Given my hon. Friend’s welcome comments on community local governance, does he consider it appropriate that traffic commissioners or transport tribunals should sit in judgment on the merits of a quality contract? Should not local government make such decisions in consultation with local people?
Under our proposals, it will be for local government to make a public interest case for a quality contract. Having made such a case and having moved towards having a quality contract, if commercial operators feel that they have been unfairly disadvantaged and not properly consulted, there must be an appeal process for them to go through. We have suggested that there should be such an independent appeal process, but I hope that it will never be used because I hope that local authorities that decide to go down that route will involve everybody in making their decision.
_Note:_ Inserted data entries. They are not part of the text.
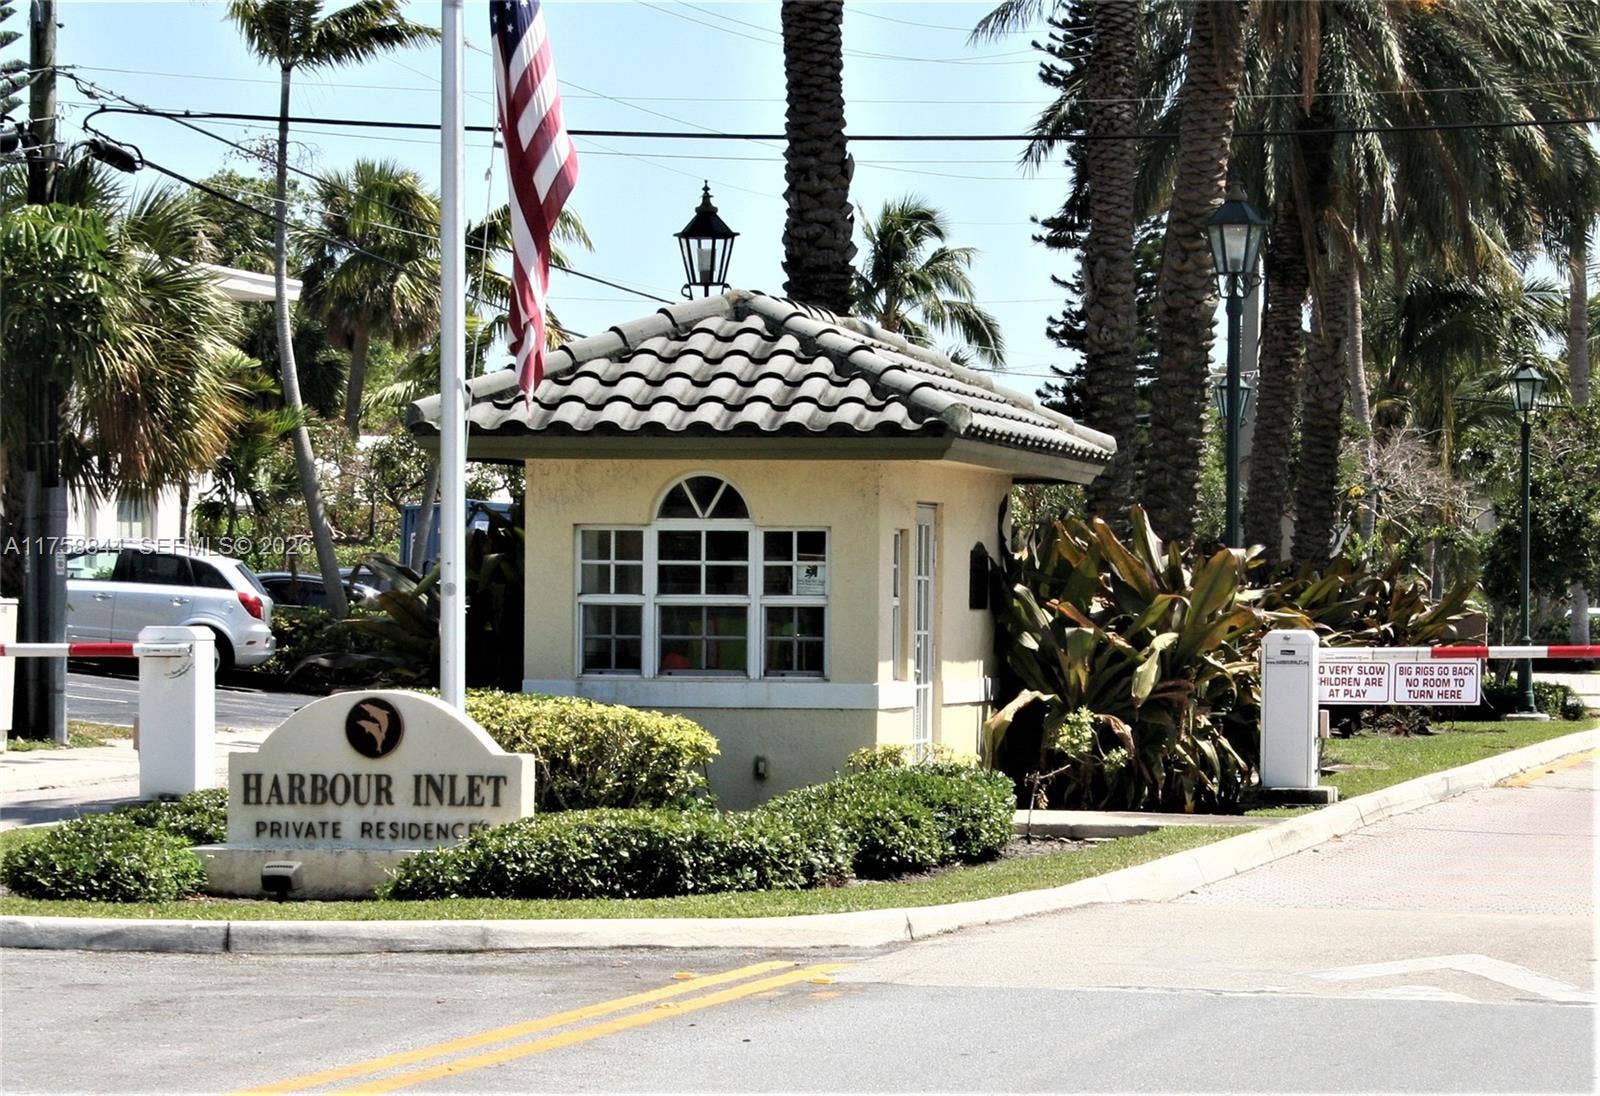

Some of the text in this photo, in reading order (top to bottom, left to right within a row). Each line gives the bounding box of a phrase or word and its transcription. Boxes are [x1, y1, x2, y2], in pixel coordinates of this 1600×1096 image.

[1318, 665, 1386, 676] O VERY SLOW
[1398, 666, 1475, 677] BIG RIGS GO BACK
[1318, 677, 1383, 687] HILDREN ARE
[1405, 678, 1465, 688] NO ROOM TO
[1328, 688, 1367, 698] AT PLAY
[1407, 689, 1462, 699] TURN HERE
[241, 773, 507, 808] HARBOUR INLET
[255, 821, 342, 840] PRIVATE
I wish to make an important point. What the Minister is trying to explain is slightly different from what appears on page 43 of “Putting Passengers First”. It says there not that there can be an appeal when a local authority has reached a decision about going ahead with a quality contract, but that that automatically goes to a senior traffic commissioner, acting together with a panel of experts, who decides whether to approve it. Beyond that, there is an appeal to the transport tribunal. However, at the interim stage involving the traffic commissioner there is no appeal. The commissioner has a right to determine whether the local authority, acting in the public interest, is correct or not. That second guessing of an elected body causes great concern.
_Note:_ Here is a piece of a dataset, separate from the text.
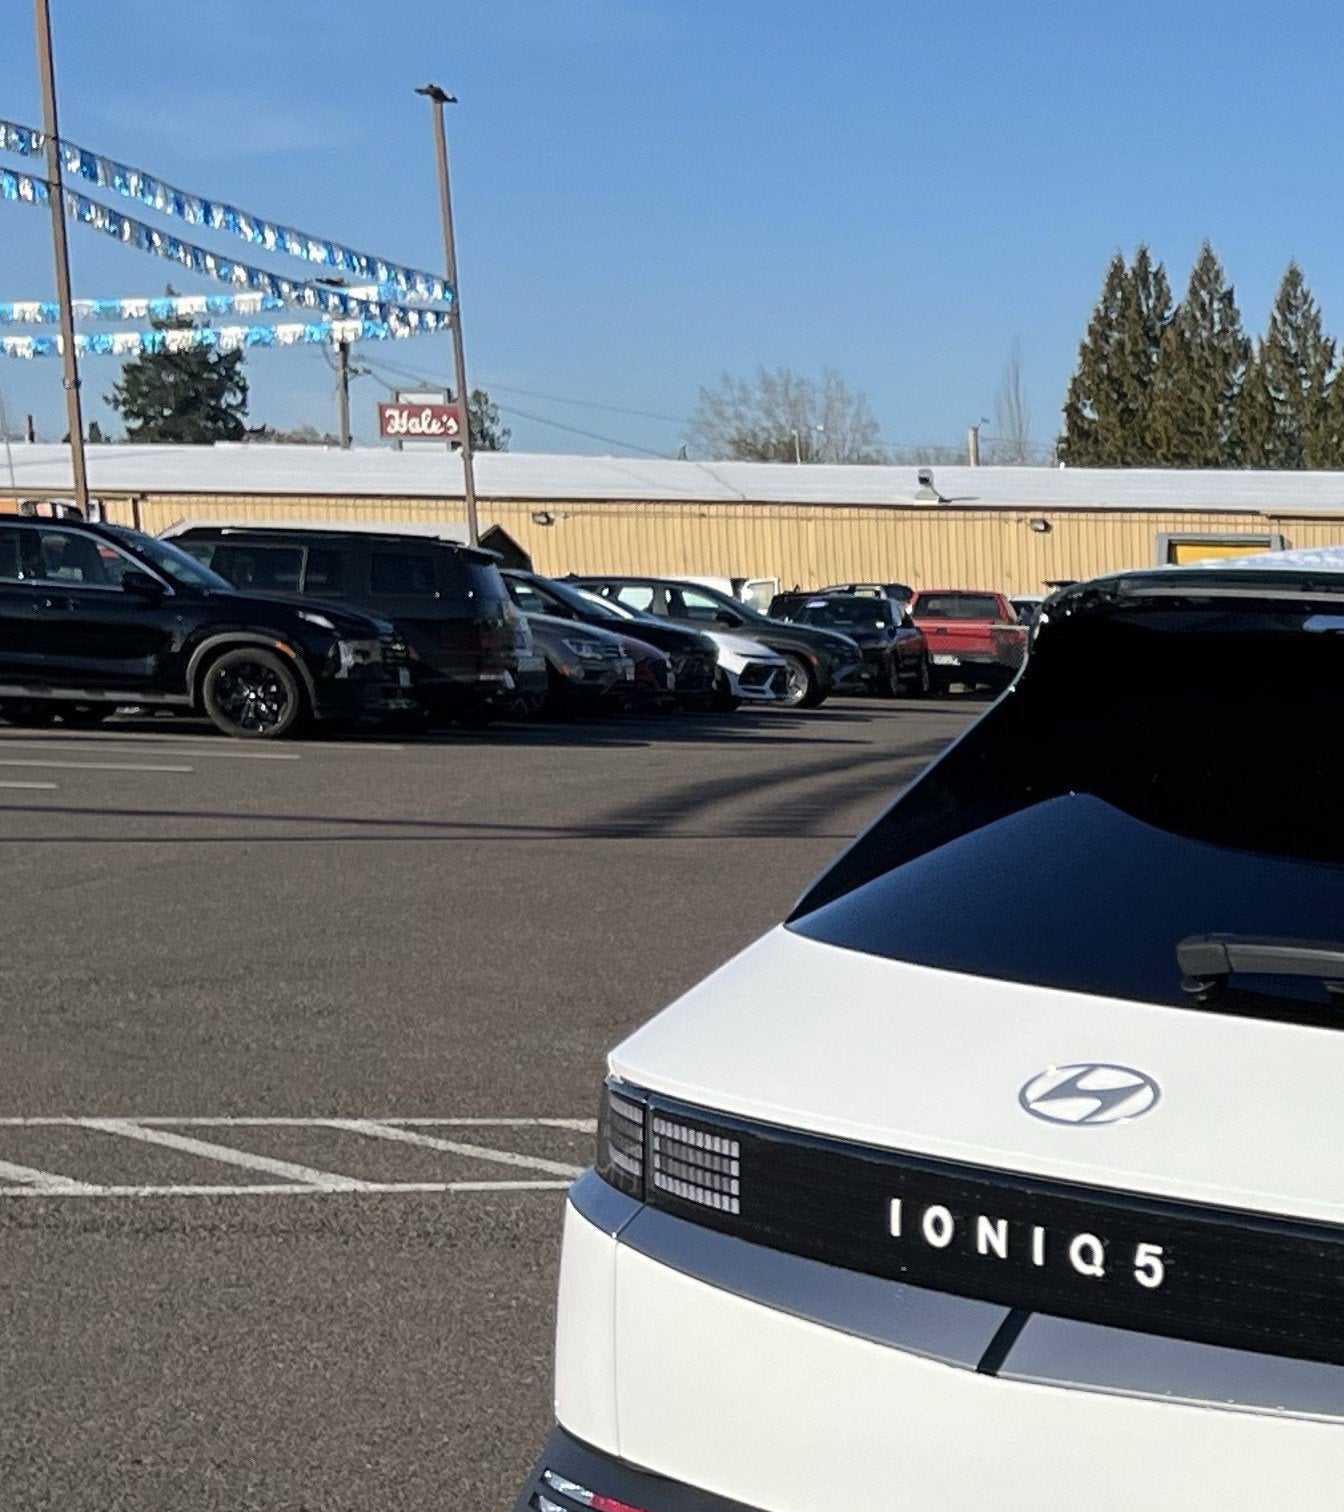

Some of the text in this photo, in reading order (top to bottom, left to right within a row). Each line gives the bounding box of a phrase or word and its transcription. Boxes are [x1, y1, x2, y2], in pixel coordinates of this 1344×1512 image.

[385, 407, 459, 434] Hale's
[890, 1198, 1165, 1288] IONIQ 5
I have heard my hon. Friend’s point and it will be taken into consideration. He is right that a senior traffic commissioner and a panel of experts review the decision to go to a quality contract to make sure that it is appropriate and in the public interest, and there then is an independent appeal process that operators can go through. If some hon. Friends feel that that is too convoluted or that it is unfair, they should put their comments to us and we will take them on board. I think that there is an appropriate protection in the light of the evidence that we have so far received, but I encourage hon. Friends to communicate their views.
I welcome the draft Bill, but I remind my hon. Friend that some of us warned Ministers in 2000 that the voluntarist approach would not be successful, and I think that it is fair to say that it has not been successful to date. The intention behind the draft Bill is good, but will the Minister assure me that the powers that local authorities and passenger transport executives will be given will mean that I can be sure that trains stop at my Swinton stations and that the bus routes will be kept going through my constituency of Eccles?